InSight makes a VLA steerable at the primitive-action level,
then uses a VLM to identify and acquire the primitives a new task requires,
with no human demonstrations of the target skill.

Bottle pouring: 96% vs 16% (CaP-X) Twist-then-pour (14 primitives): 80% vs 4% (CaP-X) Base skills retained: 100%

Abstract

Vision-language-action (VLA) models can learn manipulation skills from demonstrations, but their capabilities are bounded by the skills in the training data. We present InSight, a framework that unlocks autonomous skill acquisition by rendering VLAs steerable at the primitive-action level (e.g., “move gripper to the bowl”, “lift upward”, “pour the bottle”). InSight consists of two primary stages: (1) an automated segmentation pipeline that partitions demonstrations into labeled primitives via VLM plan decomposition and end-effector poses to enable VLA primitive steerability, and (2) a VLM-guided data flywheel that identifies missing primitives required to accomplish a novel task, autonomously attempts demonstrations of the missing primitives with VLM-proposed low-level control, and automatically labels, stores, and integrates successful demonstrations into the VLA training set. We evaluate InSight across simulation and real-world manipulation tasks, including block flipping, drawer closing, sweeping, twisting, and pouring, without any human demonstrations of these target skills. Once learned, these primitives can be composed to execute novel, long-horizon tasks without additional human demonstrations. Our findings demonstrate that primitive steerability provides a practical foundation for continual skill acquisition in VLA policies.

Turn sound on

Motivation

Consider a robot on Mars, trained only to scoop rocks. When a dust storm coats its solar panels, it must sweep them clean, a behavior it was never shown. A VLA can only perform the skills in its demonstrations, and acquiring a new one, through more data or reinforcement learning, is costly to repeat for every task.

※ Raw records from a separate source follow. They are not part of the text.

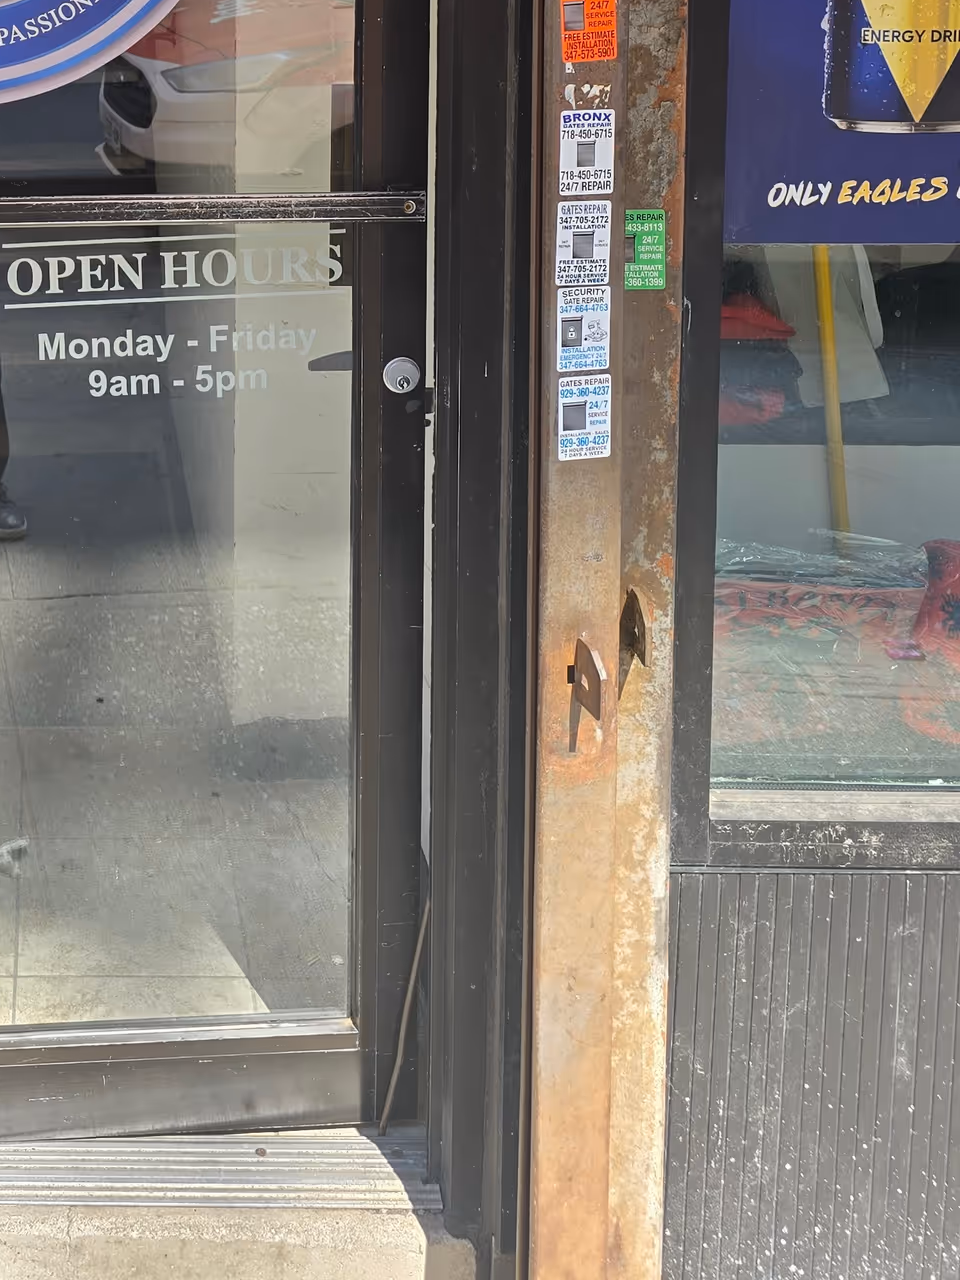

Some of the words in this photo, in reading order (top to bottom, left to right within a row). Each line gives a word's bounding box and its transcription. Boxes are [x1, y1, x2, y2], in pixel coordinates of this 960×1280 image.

[591, 1, 609, 9] 24/7
[586, 11, 614, 19] SERVICE
[564, 33, 580, 41] FREE
[583, 30, 614, 40] ESTIMATE
[863, 30, 926, 42] ENERGY
[567, 39, 612, 50] INSTALLATION
[564, 47, 614, 60] 347-573-5901
[563, 113, 612, 123] BRONX
[562, 129, 612, 139] 718-450-6715
[561, 169, 611, 180] 718-450-6715
[561, 182, 579, 192] 24/7
[582, 181, 611, 191] REPAIR
[768, 180, 832, 207] ONLY
[838, 177, 948, 205] EAGLES
[562, 205, 582, 214] GATES
[584, 204, 607, 214] REPAIR
[559, 216, 609, 224] 347-705-2172
[7, 253, 147, 296] OPEN
[160, 244, 342, 288] HOURS
[558, 265, 607, 273] 347-705-2172
[562, 289, 606, 298] SECURITY
[560, 304, 608, 313] 347-664-4763
[38, 329, 174, 362] Monday
[210, 322, 317, 355] Friday
[559, 359, 607, 369] 347-664-4763
[89, 370, 160, 397] 9am
[195, 365, 267, 398] 5pm
[560, 386, 609, 398] 929-360-4237
[589, 400, 608, 409] 24/7
[560, 435, 609, 448] 929-360-4237
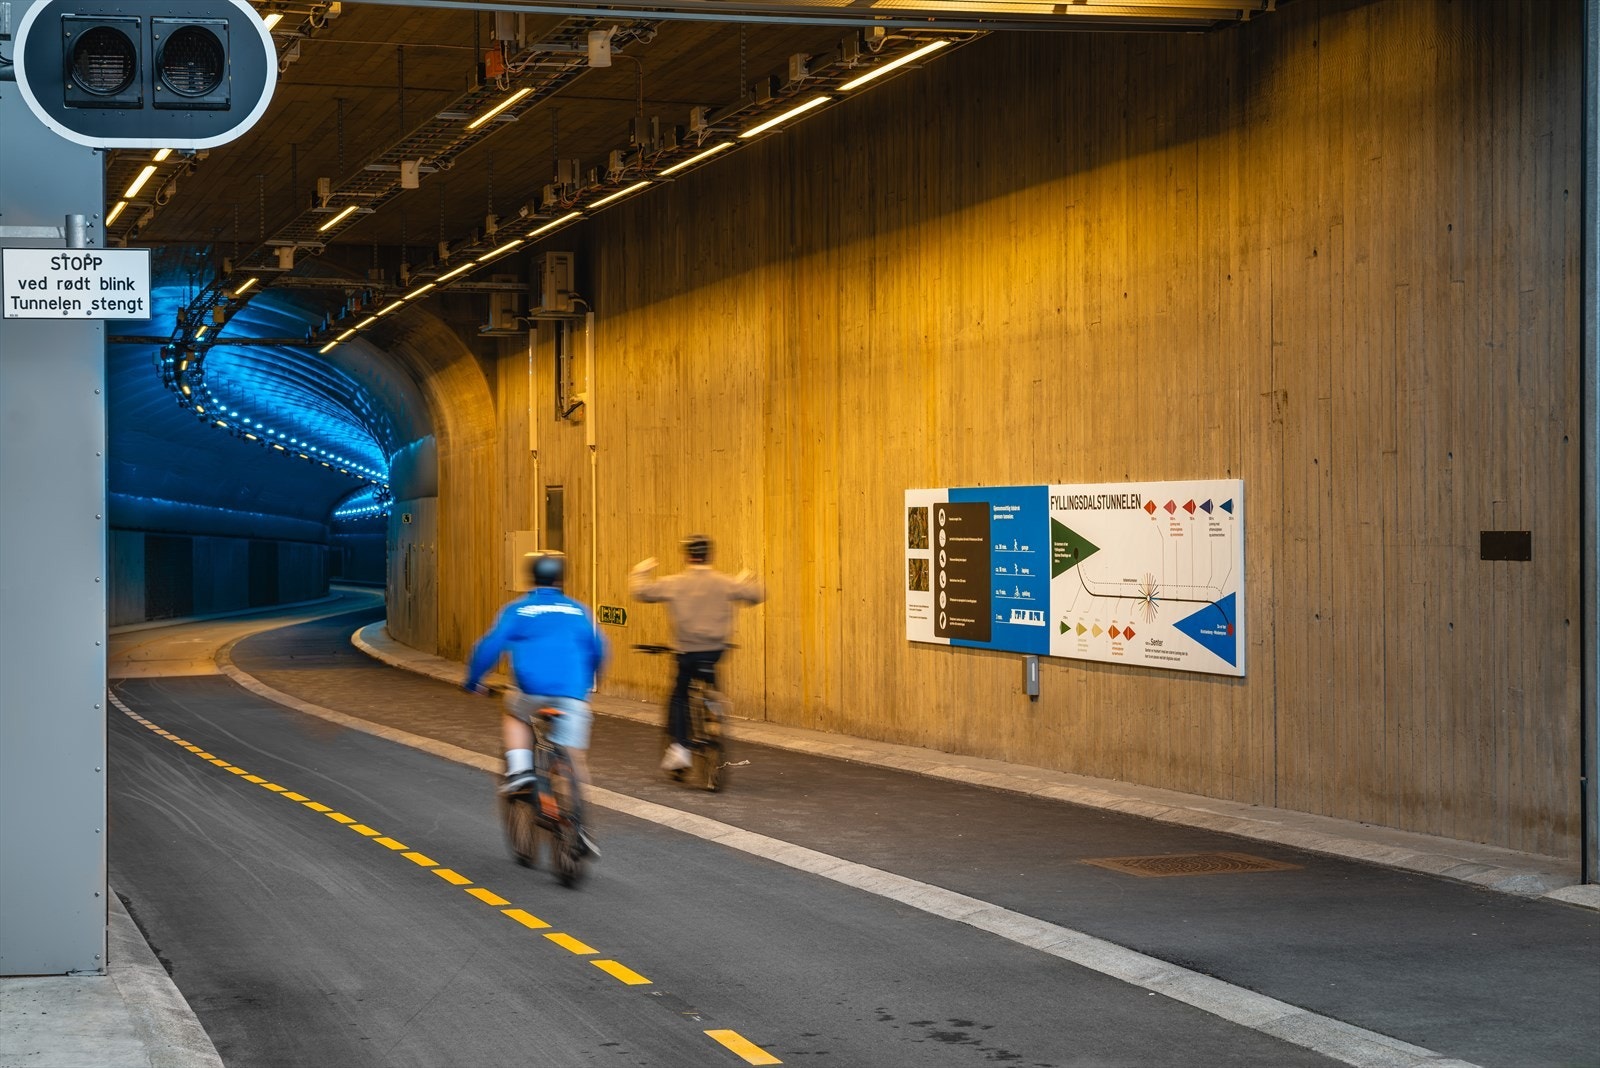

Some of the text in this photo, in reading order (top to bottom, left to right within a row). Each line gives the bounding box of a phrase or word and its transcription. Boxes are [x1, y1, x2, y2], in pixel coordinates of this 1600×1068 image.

Yet new skills are rarely fully novel: they recombine primitives the policy already knows. Sweeping and scooping share approach and lowering, differing only in a lateral push; flipping a block reuses pick-and-place's grasp-and-lift and adds a rotation. A standard VLA already encodes these primitives, but entangles them in a single task instruction, so they cannot be steered individually.

InSight makes the primitives steerable and uses a VLM as an active agent, not just a test-time planner over a fixed skill set, but one that flags the primitive a task is missing, drives the robot to acquire it, and retrains it back into the policy. Acquired skills then persist and recombine for future tasks, enabling continual learning.

How InSight Works

Stage 1

Primitive steerability

Human demonstrations are automatically segmented into primitive-labeled trajectories by aligning a VLM-generated plan with gripper transitions and end-effector motion. Fine-tuning on these labels produces a VLA that can be steered one primitive at a time.

Stage 2

Skill acquisition

For a novel task, the VLM flags any primitive gap, drives a low-level controller to attempt it, and verifies success with a VLM oracle. Successful rollouts are labeled, stored, and used to retrain the VLA, forming a data flywheel that grows the skill set.

Stage 1: automatic primitive segmentation

Stage 1. A demonstration is split into labeled primitives using gripper-state and dominant-motion cues.

Stage 2: VLM-guided skill acquisition

Stage 2. The VLM identifies and parameterizes a missing primitive, the robot executes it, and a VLM oracle verifies success.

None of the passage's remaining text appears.